Biochemical characterization of a novel thermo‐halo‐tolerant GH5 endoglucanase from a thermal spring metagenome

A novel endoglucanase gene, cel M , was cloned from a thermal spring metagenome. The gene was expressed in Escherichia coli , and the protein was extracted and purified. The protein catalyzed the hydrolysis of amorphous cellulose in a wide range of temperatures, 30–95°C, with optimal activity at 80°C. It was able to tolerate high temperature (80°C) with a half‐life of 8 h. Its activity was eminent in a wide pH range of 3.0–11.0, with the highest activity at pH 6.0. The enzyme was tested for halostability.

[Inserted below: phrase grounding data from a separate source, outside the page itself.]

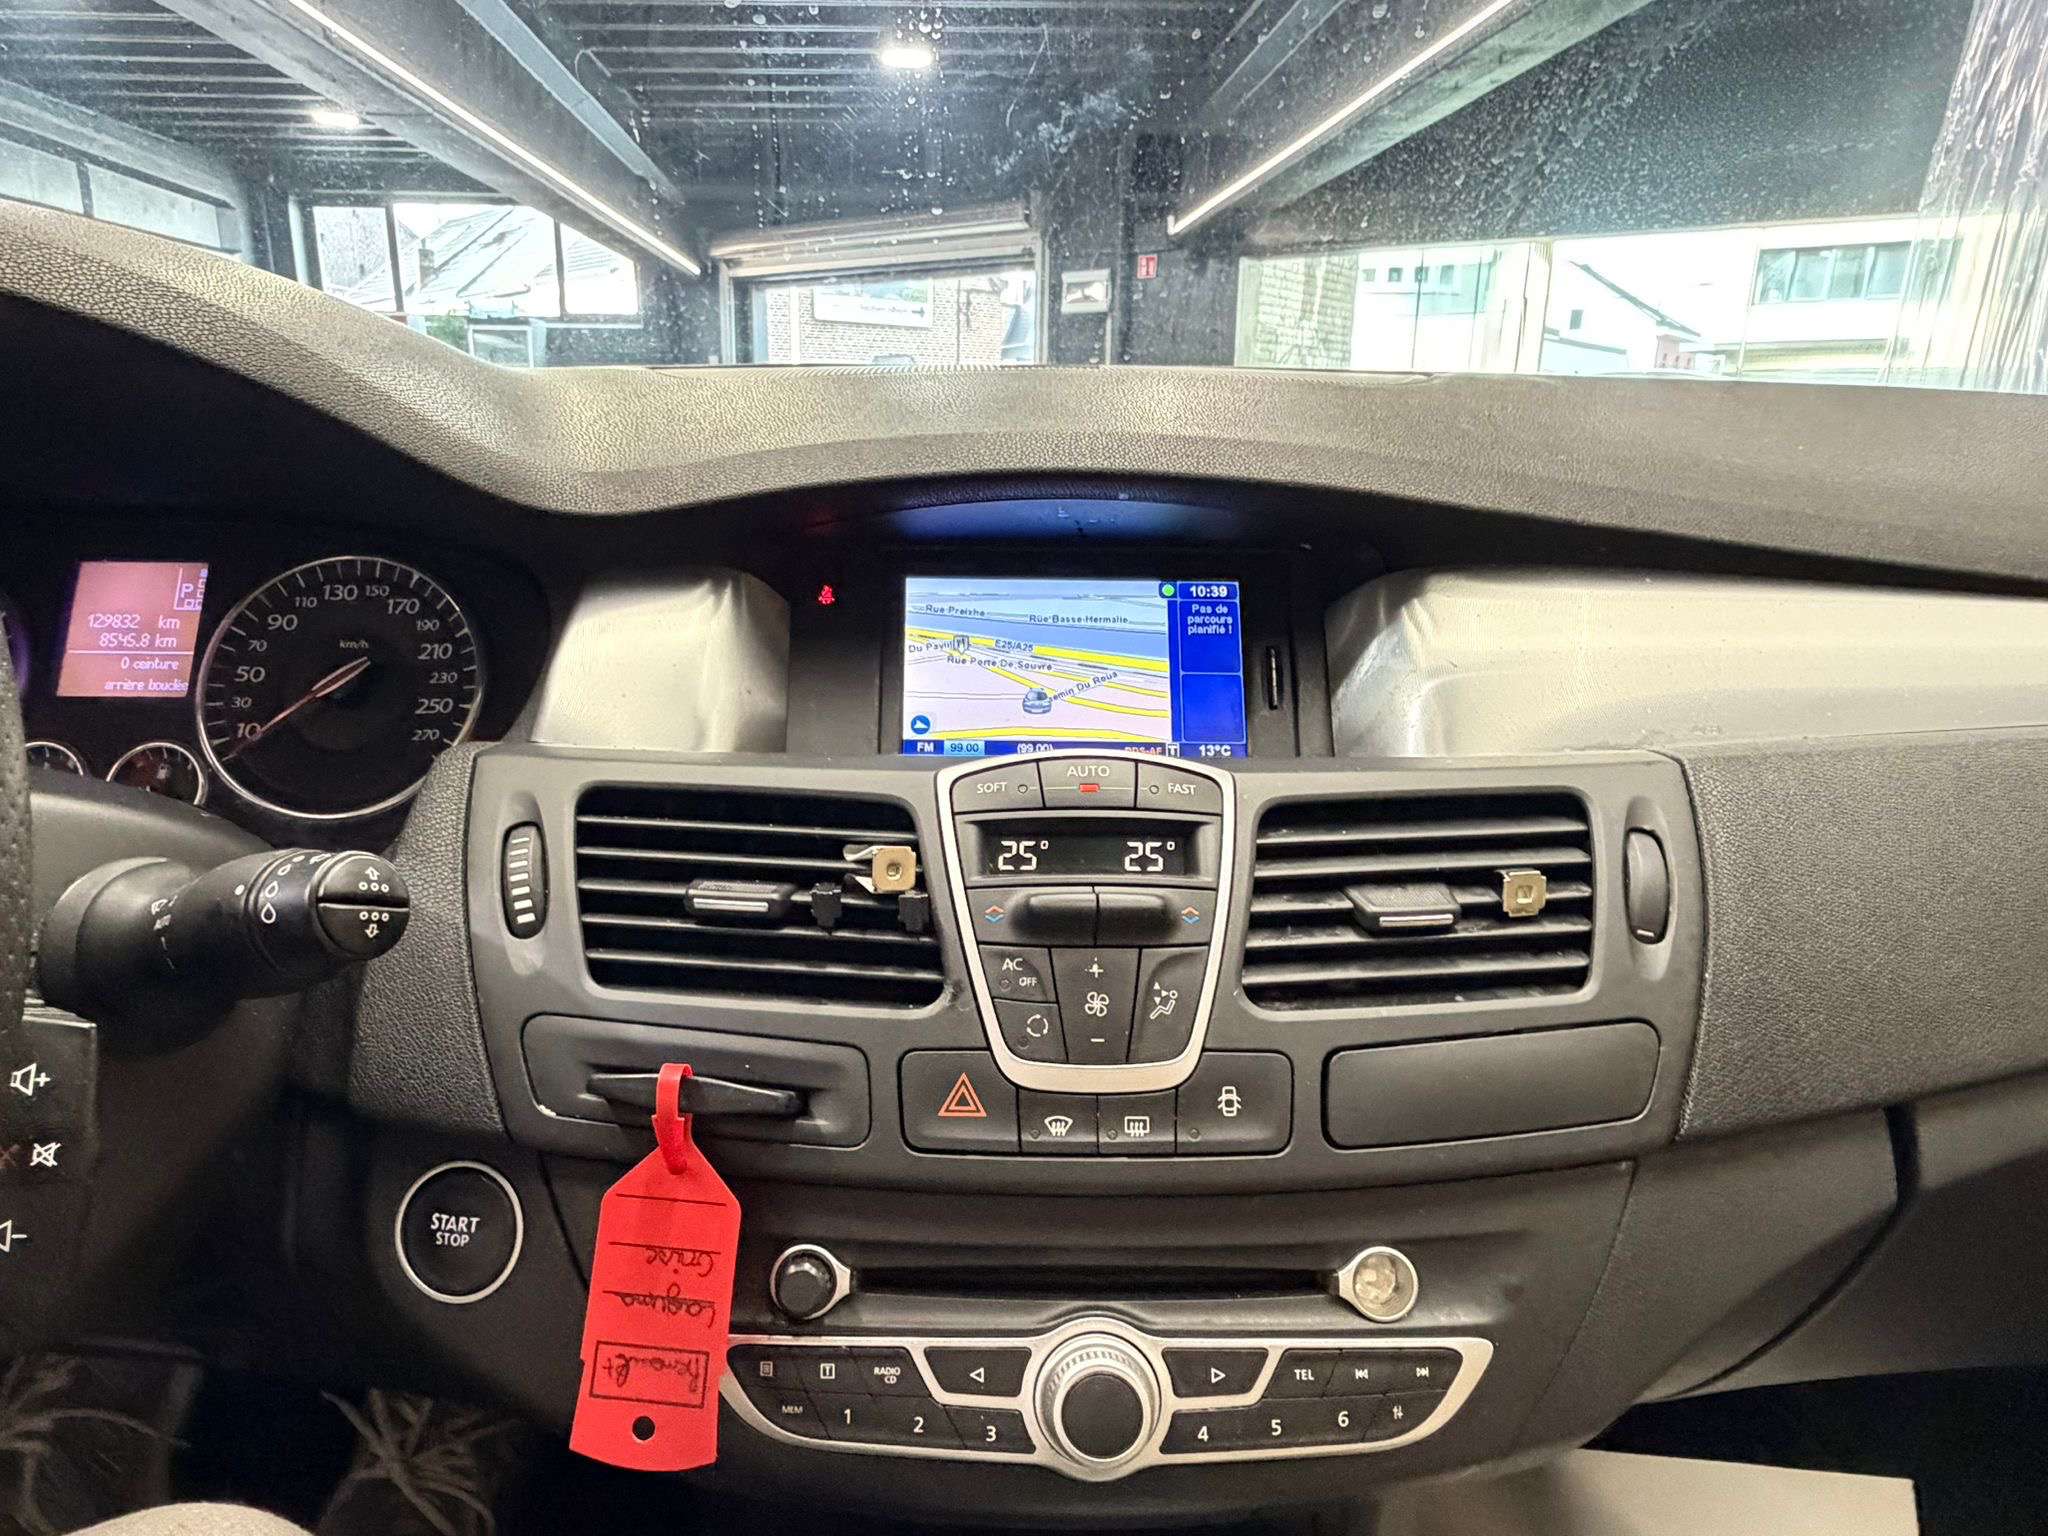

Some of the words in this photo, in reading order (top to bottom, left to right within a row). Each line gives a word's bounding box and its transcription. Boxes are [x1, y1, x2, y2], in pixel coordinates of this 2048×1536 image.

[322, 584, 358, 600] 130
[365, 584, 390, 597] 150
[1189, 585, 1228, 597] 10:39
[294, 596, 318, 608] 110
[387, 598, 420, 615] 170
[926, 604, 945, 614] Rue
[1191, 604, 1213, 614] Pas
[1215, 604, 1229, 614] de
[87, 614, 141, 629] 129832
[158, 615, 181, 629] km
[267, 614, 298, 631] 90
[416, 619, 440, 631] 190
[1029, 614, 1049, 624] Rue
[1187, 616, 1233, 626] parcours
[99, 633, 151, 648] 8545.8
[155, 634, 177, 648] km
[248, 640, 267, 652] 70
[339, 639, 369, 649] km/h
[995, 639, 1034, 651] E25/A25
[417, 643, 453, 660] 210
[908, 644, 923, 653] Du
[121, 656, 130, 669] 0
[133, 657, 179, 670] ceinture
[947, 655, 967, 665] Rue
[970, 656, 997, 667] Porte
[1000, 659, 1014, 668] De
[234, 666, 266, 683] 50
[429, 672, 458, 684] 230
[1076, 682, 1091, 692] Du
[231, 696, 252, 708] 30
[415, 698, 454, 715] 250
[236, 723, 261, 739] 10
[411, 729, 440, 741] 270
[916, 742, 934, 752] FM
[950, 743, 979, 753] 99.00
[1199, 744, 1231, 757] 13°C
[1066, 764, 1110, 777] AUTO
[976, 781, 1007, 794] SOFT
[1167, 783, 1196, 795] FAST
[997, 840, 1049, 871] 25°
[1124, 841, 1176, 872] 25°
[1001, 957, 1023, 971] AC
[1019, 976, 1038, 987] OFF
[430, 1212, 481, 1234] START
[435, 1231, 470, 1248] STOP
[618, 1283, 716, 1328] Laguna
[873, 1366, 901, 1376] RADIO
[1294, 1368, 1315, 1381] TEL
[884, 1375, 897, 1384] CD
[843, 1408, 851, 1424] 1
[1337, 1410, 1349, 1427] 6
[912, 1416, 924, 1433] 2
[1271, 1419, 1282, 1435] 5
[985, 1425, 996, 1442] 3
[1197, 1425, 1209, 1442] 4

Any significant loss was not recorded in the activity of Cel M after the exposure to salinity (3 M NaCl) for 30 days. Furthermore, Cel M displayed a substantial resistance toward metal ions, denaturant, reducing agent, organic solvent, and non‐ionic surfactants. The amorphous cellulose, treated with Cel M , was randomly cleaved, generating cello‐oligosaccharides of 2–5 degree of polymerization. Furthermore, Cel M was demonstrated to catalyze the hydrolysis of cellulose fraction in the delignified biomass samples, for example, sweet sorghum bagasse, rice straw, and corncob, into cello‐oligosaccharides. Given that Cel M is a thermo‐halo‐tolerant GH5 endoglucanase, with resistance to detergents and organic solvent, the biocatalyst could be of potential usefulness for a variety of industrial applications.